Hakan Gurbuz, Suleyman Semih Dedeoglu, Yunus Imren, Ali Cagrı Tekin, Mustafa Caglar Kir, Yasin Guler.

The aim was to evaluate effects of simple section of transverse carpal ligament on intercarpal stability by radiological parameters in patients with carpal tunnel syndrome those are refractory to conservative treatment. Patients with suspected diagnosis of carpal tunnel syndrome upon medical history and physical examination underwent neurodiagnostic tests (EMG). All 47 subjects, comprising 39 female and 8 male patients, were operated, followed, and assessed by the same surgical team between January 2014 and May 2015 after written informed consent was obtained. Wrist range of motion and general physical examination findings were recorded at both preoperatively and postoperative week 8. Besides, conventional MRI were obtained at the same time points.
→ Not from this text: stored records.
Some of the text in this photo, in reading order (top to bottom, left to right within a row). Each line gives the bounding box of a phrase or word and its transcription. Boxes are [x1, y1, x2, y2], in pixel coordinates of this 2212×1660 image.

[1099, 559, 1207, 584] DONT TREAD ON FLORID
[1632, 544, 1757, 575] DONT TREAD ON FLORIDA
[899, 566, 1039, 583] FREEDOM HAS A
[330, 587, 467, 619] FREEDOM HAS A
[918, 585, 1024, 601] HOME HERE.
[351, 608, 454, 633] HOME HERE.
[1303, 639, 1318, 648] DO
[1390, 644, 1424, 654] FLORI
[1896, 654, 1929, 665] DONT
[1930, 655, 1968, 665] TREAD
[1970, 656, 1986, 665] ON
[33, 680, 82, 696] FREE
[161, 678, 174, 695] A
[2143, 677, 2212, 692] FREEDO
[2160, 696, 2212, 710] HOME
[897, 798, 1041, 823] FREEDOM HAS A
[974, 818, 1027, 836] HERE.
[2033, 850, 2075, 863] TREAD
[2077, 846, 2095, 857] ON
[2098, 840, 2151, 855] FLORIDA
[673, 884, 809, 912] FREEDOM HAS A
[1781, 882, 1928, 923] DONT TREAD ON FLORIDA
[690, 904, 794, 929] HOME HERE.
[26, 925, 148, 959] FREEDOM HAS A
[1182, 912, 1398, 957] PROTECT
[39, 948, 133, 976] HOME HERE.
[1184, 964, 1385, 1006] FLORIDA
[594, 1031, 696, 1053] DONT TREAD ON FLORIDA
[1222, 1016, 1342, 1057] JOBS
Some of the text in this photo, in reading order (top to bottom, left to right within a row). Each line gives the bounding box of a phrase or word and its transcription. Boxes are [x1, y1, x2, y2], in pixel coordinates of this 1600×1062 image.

Trapeziohamate distance, scaphopisiform distance, scapholunate angle, and carpal angle were measured preoperatively and at 12thweek postoperatively. The mean age of the subjects was 49(range: 36-65).Mean preoperative trapeziohamate distance was measured as 25.2 mm (range:20-33), while postoperative trapeziohamate distance was 26.4 mm (range:22-34), (p=0.031). Mean preoperative scaphopisiform distance was 32 mm (range:23-34), as compared to postoperative scaphopisiform distance being 33.6 mm (range:24- 36) (p=0.001). While mean scapholunate angle was 44°(range: 36-60) preoperatively, it was measured as 45.1° (range: 33-60) in the postoperative period (p=0.001). Both preoperative and postoperative mean carpal angles was 127° (range 118-134 and 119-134, respectively). Simple section of transverse carpal ligament is associated with a significant increase in carpal arch distance. We consider that whether or not increases in intercarpal distances may lead to a degenerative process at the wrist in future warrants further research.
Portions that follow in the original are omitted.